The three shareholders together control less than 1 percent of outstanding shares for Target and Best Buy. But as the controversy continues to build, their recommendations will probably keep the pressure on Target executives to renounce the donations. Target is the principal focus of the protests because the store is a better-known retail brand — and because it has long adopted an image of social concern, with programs supporting local schools and environmental initiatives, and domestic-partner benefits for store employees. By developing a more hip and urban following, the Minnesota-based chain has ironically left itself more open to campaigns like the present one, which accuses Target of corporate hypocrisy.

MoveOn also produced a national ad promoting the Target boycott — but officials with the cable network MSNBC turned the spot down, claiming that it violated a network policy banning ads that target individual businesses. As the AP reports, MSNBC would likely face its own backlash from advertisers if it appeared to side with MoveOn in this fight — even though the network has a stable of prime-time liberal commentators who support gay-marriage rights.

http://news.yahoo.com/s/yblog_upshot/20100820/el_yblog_upshot/shareholders-weigh-in-on-target-and-best-buys-political-giving

Book
24th August 2010, 07:54 AM
boycotts and public pressure campaigns

Meanwhile Hetero White Christian Goyim go to work and do their shopping in the evening.

:oo-->

Saul Mine
24th August 2010, 11:01 AM
"A good corporate political contribution policy should prevent the kind of debacle Target and Best Buy walked into," Trillium vice president Shelley Alpern told the AP. "We expect companies to evaluate candidates based upon the range of their positions — not simply one area — and assess whether they are in alignment with their core values.
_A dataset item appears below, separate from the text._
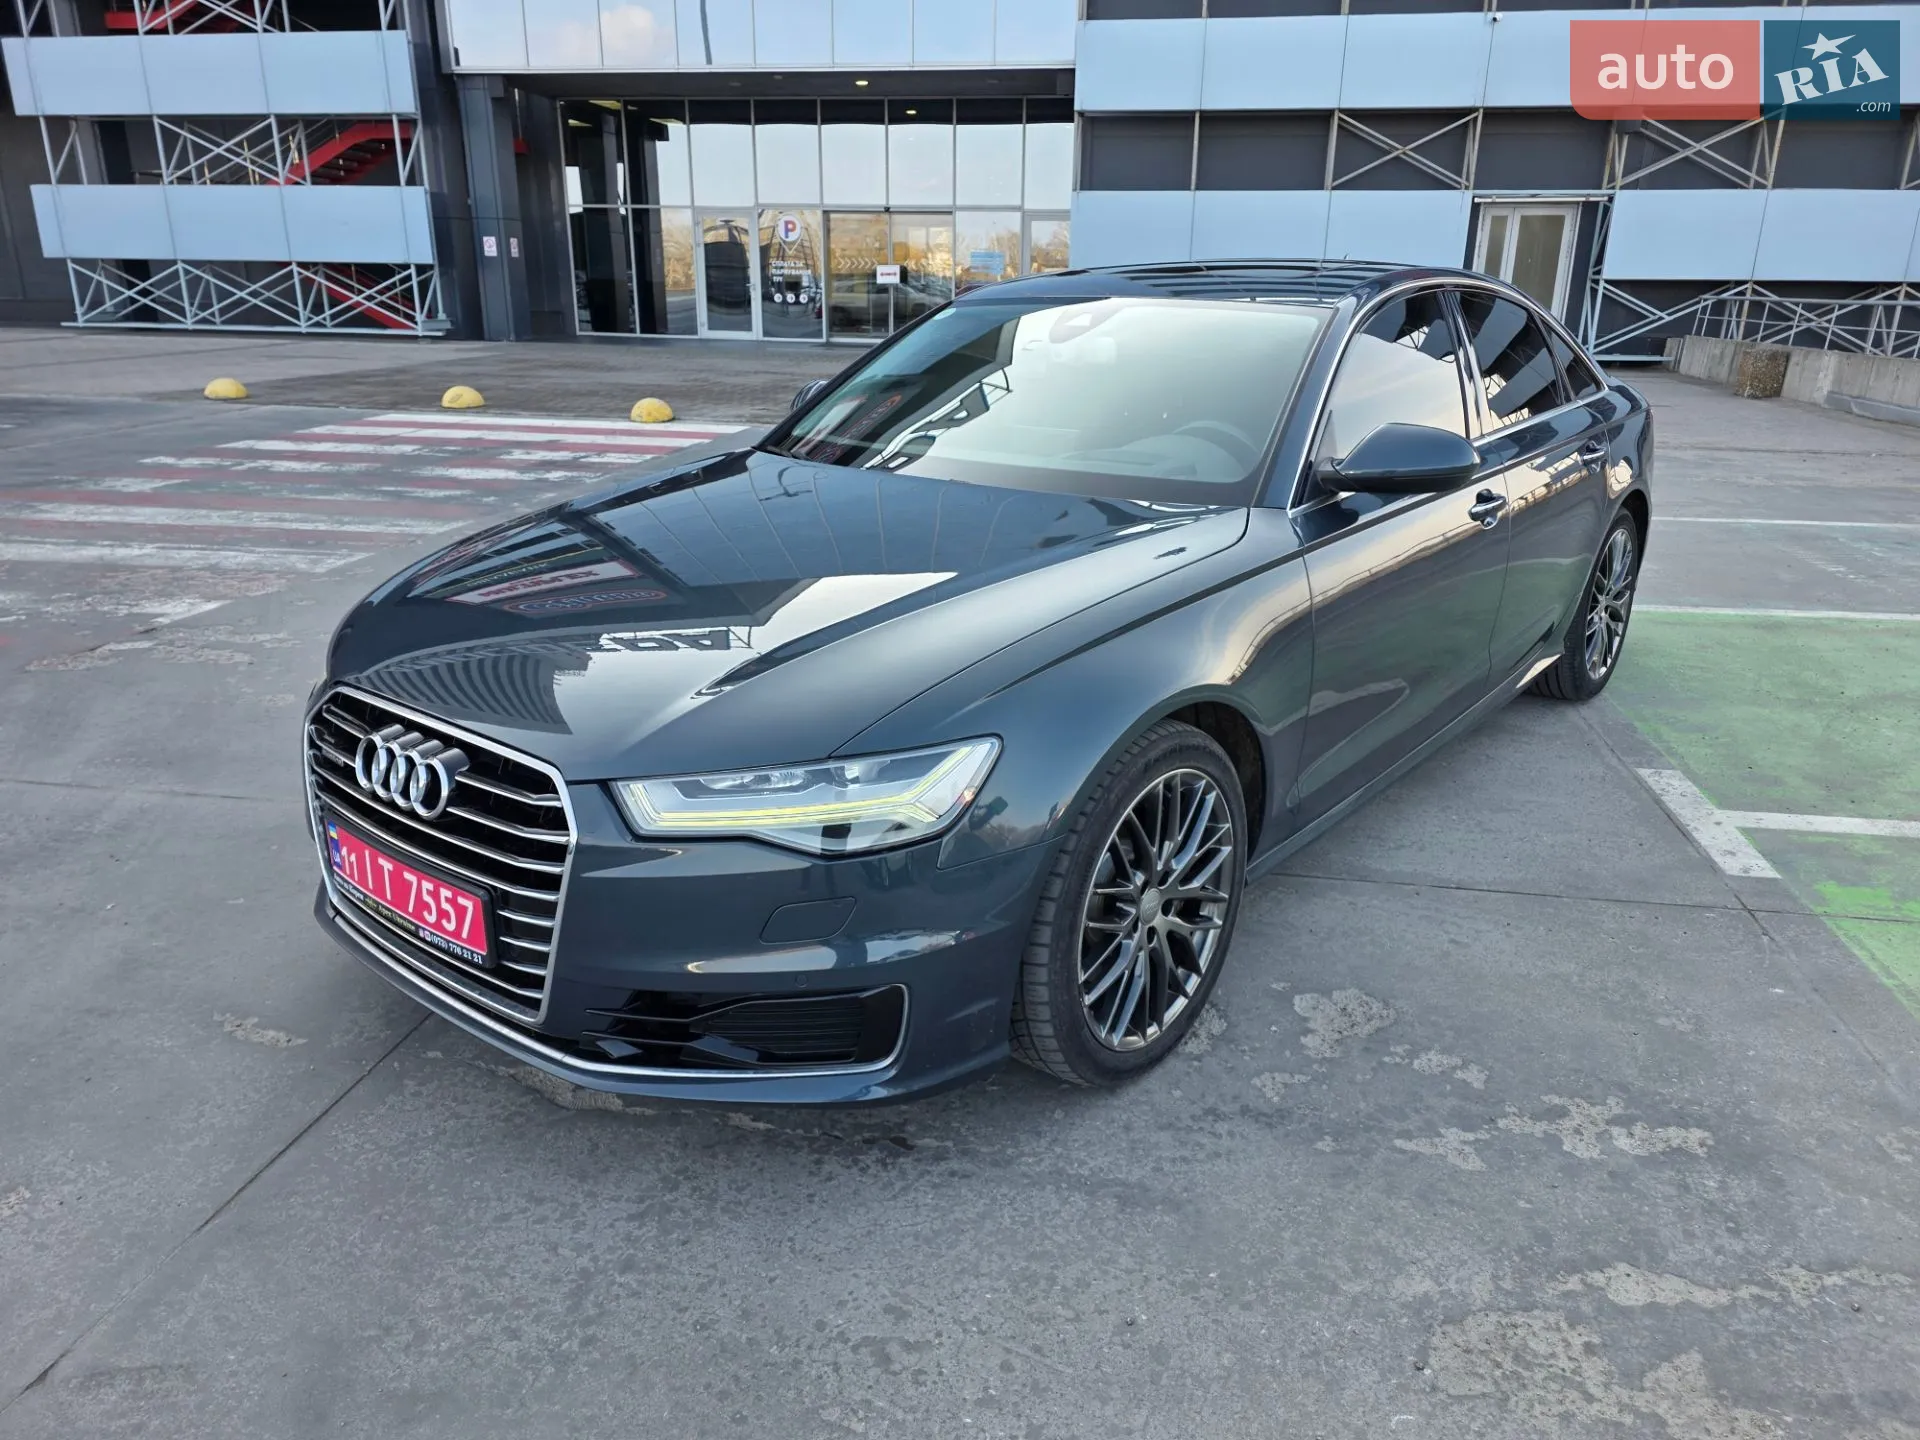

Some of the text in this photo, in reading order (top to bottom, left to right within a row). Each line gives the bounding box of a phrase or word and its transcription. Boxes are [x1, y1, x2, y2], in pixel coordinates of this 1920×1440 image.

But these companies' policies are clearly lacking that."

Policies are not judged by anyone outside the company until after a deal has blown up in someone's face. What this guy means is they expect the honchos to guess better.

IMO corporations should not be allowed to donate to political candidates at all. Their stated purpose is to generate profits, so they should give that money to stock holders and advise the stockholders on who to give it to.